On Monday evening, October 21, 1872, a young man about 18 years old boarded the night express of the Atlantic and Pacific Railroad at Springfield. When the conductor, identified only as B. Percy, passed through the passenger car collecting fares, the young man had no ticket and no money to pay for one but said he would be able to obtain some money at Marshfield. The conductor allowed the lad to ride to Marshfield, but when the train arrived there, the young man still showed no disposition to pay. The conductor then took the young man's hat and left it with the ticket agent, telling the lad he could get the hat back when he came up with the money for his ticket. A few moments later, Conductor Percy announced "all aboard" and stepped onto the platform of one of the rear cars as the train started up. The young man scaled the platform from the opposite direction, immediately pulled out a pistol, and shot the conductor through the head. The desperado then jumped from the train and disappeared into the darkness. Because of the noise created by the train starting up, the shooting was not discovered until the train had traveled from the passenger depot to the freight depot about a hundred yards distant. The confusion and excitement caused by the discovery further aided in the shooter's escape. Percy died within twenty minutes, and the next morning his body was taken to Springfield, where he had lived, and turned over to his family.
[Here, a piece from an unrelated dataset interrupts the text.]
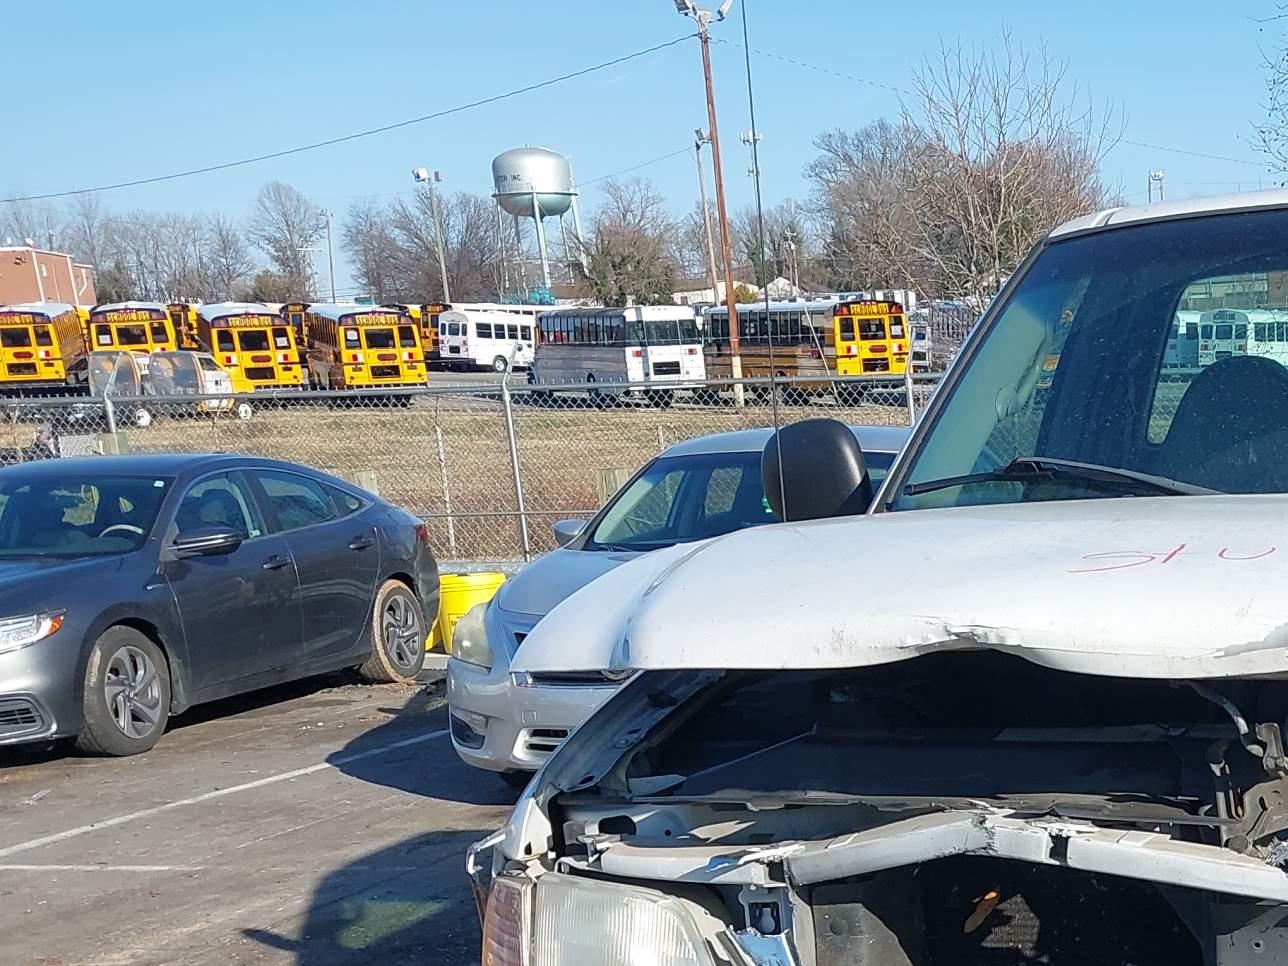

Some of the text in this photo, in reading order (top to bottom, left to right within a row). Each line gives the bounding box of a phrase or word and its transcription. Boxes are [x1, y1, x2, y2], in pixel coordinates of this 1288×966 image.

[852, 303, 889, 315] SCHOOL BUS
[107, 311, 149, 322] SCHOOL BUS
[229, 316, 271, 327] SCHOOL BUS
[356, 315, 398, 326] SCHOOL BUS
Although the murderer fled into the night without being immediately pursued, a posse soon started after him and trailed him to a residence about seven miles east of Springfield, where he had stopped and been allowed to rest. The posse found the young man sound asleep inside the home about midday on Tuesday, tied him with a rope, and started back to Marshfield with their prisoner, who identified himself as V.T. Cornwell of Illinois. The editor of the Springfield Missouri Weekly Patriot
expressed satisfaction that the man who had killed Percy was taken back to Marshfield rather than brought to Springfield because "our people are slow to punish such heinous crimes" whereas "the people of Webster have had some experience in this line." The newspaperman said he looked to Webster County to give Cornwell justice and that he thought it could best be dispensed at the end of a rope. What ultimately happened to the young killer, however, is not known.